Thorn was impressed. It took skill to take a man's skin off without breaking any of the major blood vessels. There were too many places where veins ran close to the surface.
Slyce pulled the skin away. "All done, Master." He licked his blades with obvious relish.
The slave clearly had little strength left: as soon as Slyce stopped he stopped struggling and lapsed back into agonized stupor.
"Storm, fold that up and make sure it's preserved." Thorn indicated the skin.
The slave's hoarse breathing became sobs while the minion worked, carefully folding the awkward, blood-smeared hide so that he finished with a neat bundle that could be easily carried in one hand. "For you, Master."
Thorn laid the bundle on his upturned palm. "Heal him."
The blue moved quickly, although it took him a long time to finish the healing this time. Regrowing skin was evidently a more complex endeavor than healing wounds.
The slave's breathing grew more regular as Storm worked, and he slipped into true unconsciousness.
Thorn had seen the effect often enough. When the pain stopped, the subject would often pass out. Waking them was a simple matter of a flicker of lightning in their direction: that tiny exercise in magic invariably brought the subject to full wakefulness in the space of a few heartbeats.
Finally, the minion stepped back. "Him all healed, Master."
Thorn gave a single nod, then sent a short burst of lightning in the man's direction.
The slave jerked in his shackles and turned a terror-filled gaze to the Overlord. "Please... no more..."
Thorn stepped forward. "Tell me about the plot," he said in a soft, cold voice.
The man shuddered. "I... I don't know much... But Centurion Lucius, he gave the orders.
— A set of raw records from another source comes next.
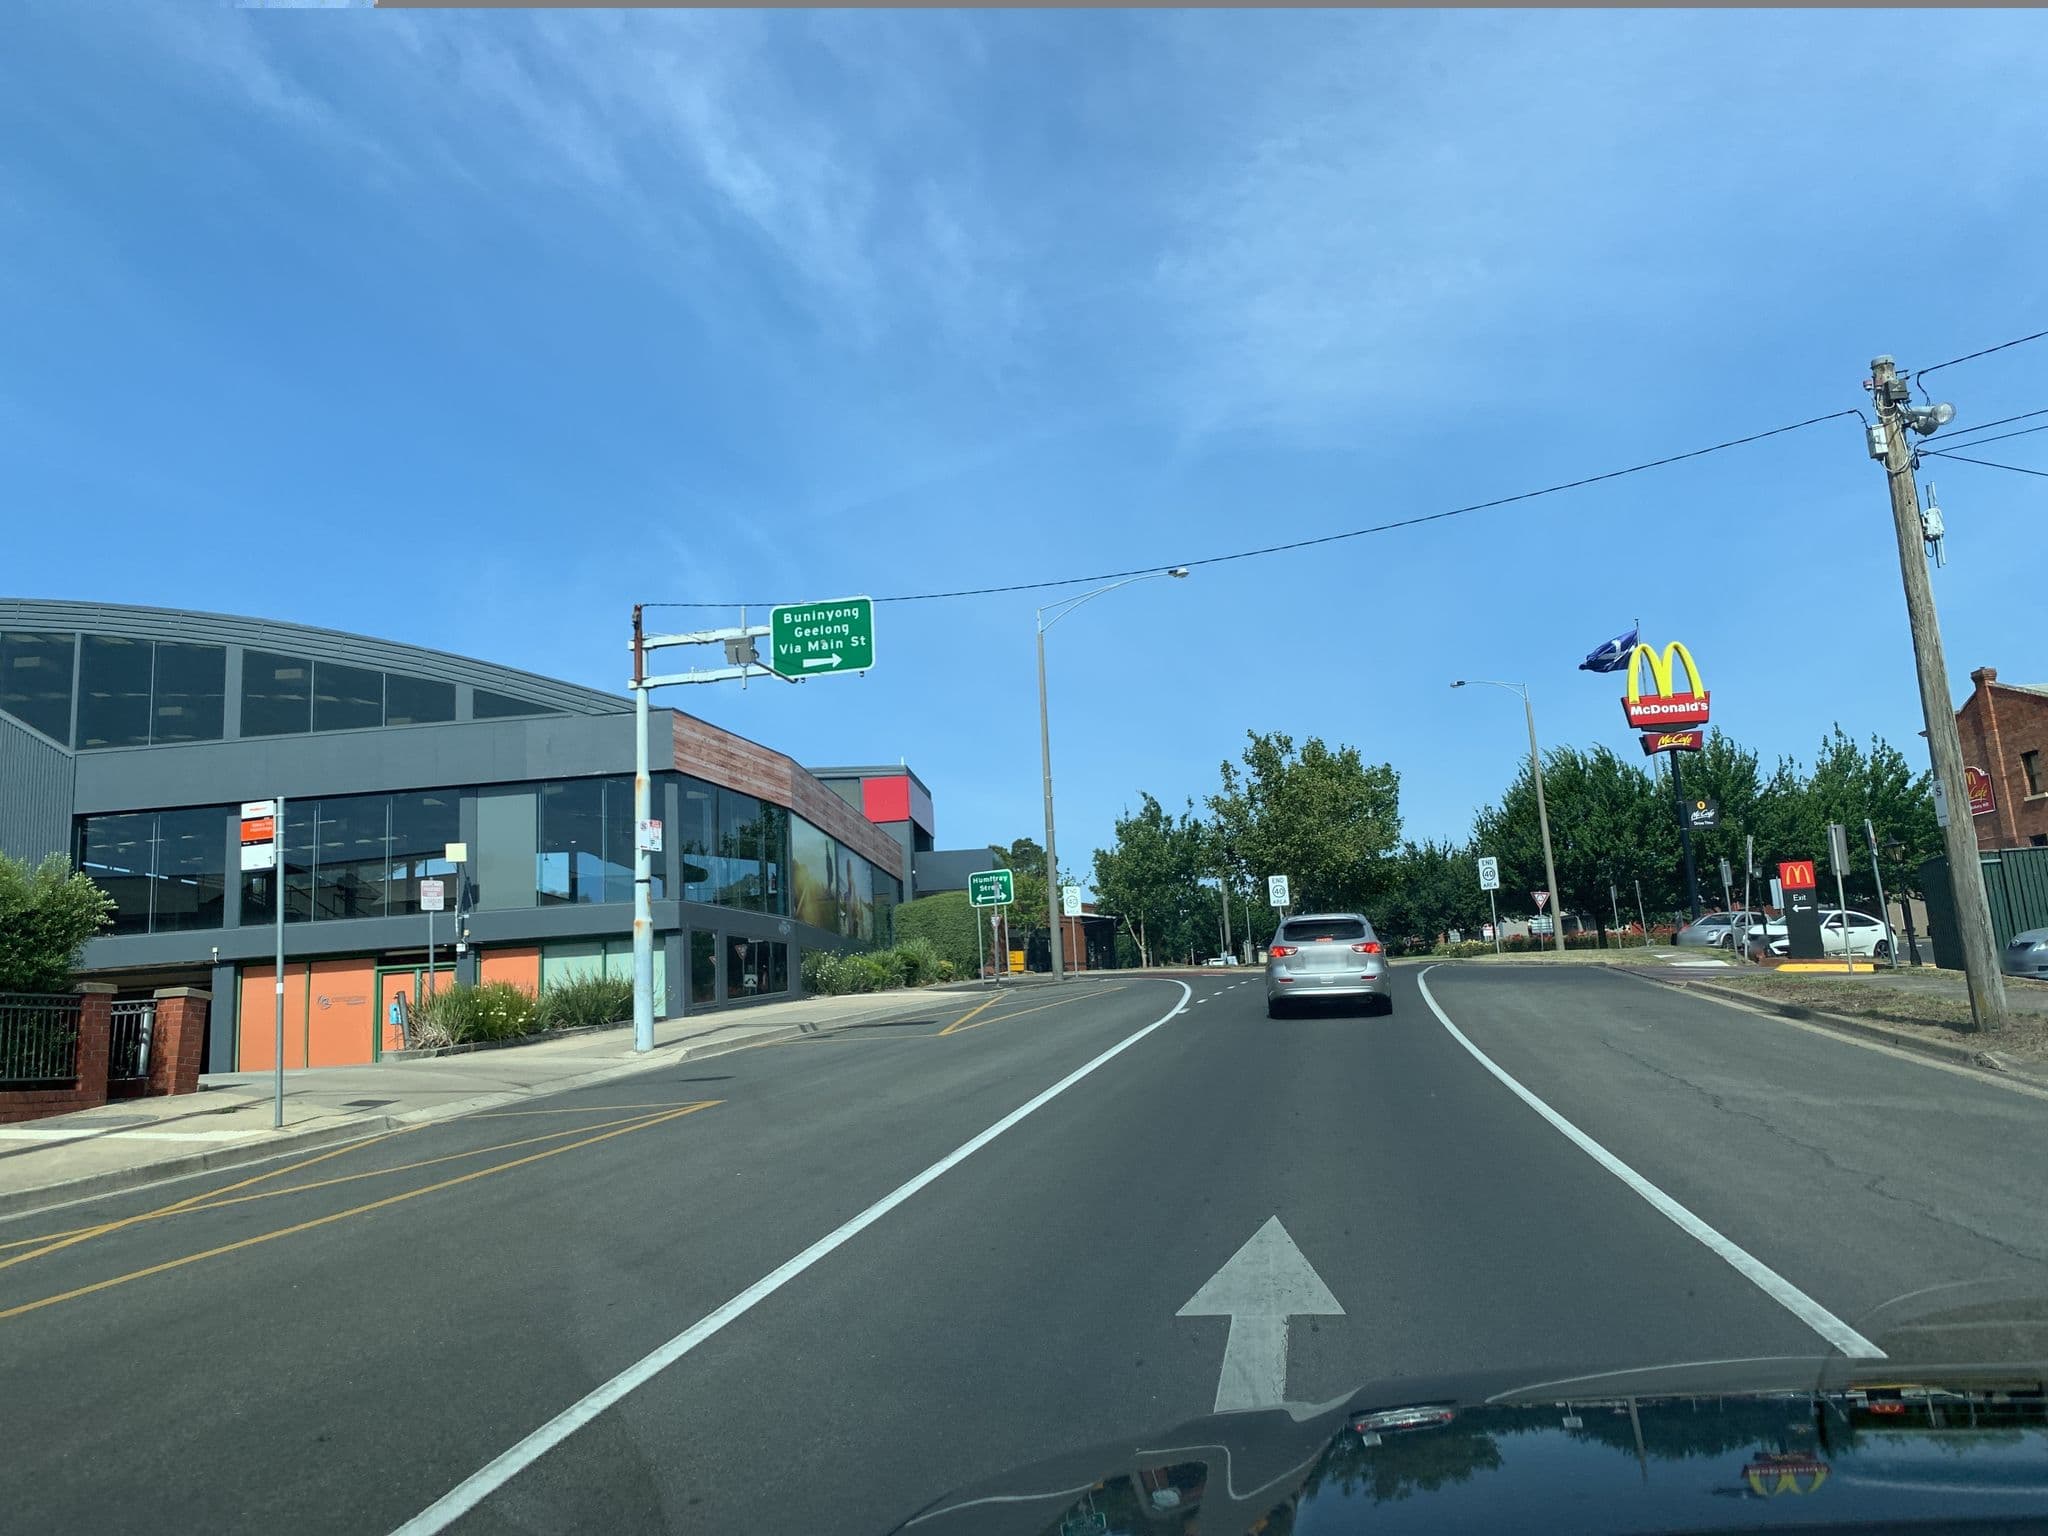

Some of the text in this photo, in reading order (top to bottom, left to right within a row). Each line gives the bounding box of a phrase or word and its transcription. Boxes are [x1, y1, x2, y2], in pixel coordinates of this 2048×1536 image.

[783, 607, 859, 624] Buninyong
[794, 624, 849, 638] Geelong
[779, 636, 866, 655] Via Main St
[1630, 702, 1708, 715] McDonald's
[1793, 893, 1806, 901] Exit
He set us up, me, Marcus, Petrus, Centurion's sister Lucilla... Petrus got hisself killed in the fighting, but the rest of us came here and did as we was told... Until Lucilla got a message from the Centurion to move."
"How did the message get in?" Thorn demanded. If he didn't have something to vent fury on, and soon, he'd kill Gnarl and damn the consequence. The minion master should never have let any of this through.
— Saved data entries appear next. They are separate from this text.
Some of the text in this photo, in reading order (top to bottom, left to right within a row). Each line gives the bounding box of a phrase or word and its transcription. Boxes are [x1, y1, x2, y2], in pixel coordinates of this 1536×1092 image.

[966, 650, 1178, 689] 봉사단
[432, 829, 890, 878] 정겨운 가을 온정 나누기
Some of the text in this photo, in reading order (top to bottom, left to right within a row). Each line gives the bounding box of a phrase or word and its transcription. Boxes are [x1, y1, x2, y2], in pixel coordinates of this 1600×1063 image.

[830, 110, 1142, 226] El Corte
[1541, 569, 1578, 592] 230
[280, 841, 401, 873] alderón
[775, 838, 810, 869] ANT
"The baby stuff, Lord... one of the Centurion's people in the suppliers... Dunno who..." He swallowed.
The slave didn't need any more prompting. "We was to take the babies... kill the women and the old pervy minion if we could."
Thorn's hands clenched into tight fists.
The slave screamed. "Please, Master, please! No more!"
Thorn forced himself to relax, forced his hands to open.
The slave hung limp, gasping, for a few moments before he managed to summon words again. "Couldn't get enough gas t'do it... just grabbed the babies... Lucilla an' Marcus went on ship with Centurion... I was t' stay back, pass on anything I could... in th' food orders... coded."
"We'll discuss that later," Thorn growled. "Where did they take the babies?"
The man sobbed. "I... Please Master, I dunno fer sure... It's... somewhere west of Everlight is all I know. Please, don't punish me... I dunno anything else..."
"Why take them?" Thorn cut the pleading short with a snarl.
The slave whimpered. "Dunno, Master... Centurion never said why... y'don't ask questions in th' legions."
Thorn studied the shattered wreck of a man for a moment before he said, "Let him down."
All three minions looked disappointed, but they hurried to comply.
"We'll discuss the rest later."
The trouble deepens. And Gnarl is a very lucky minion.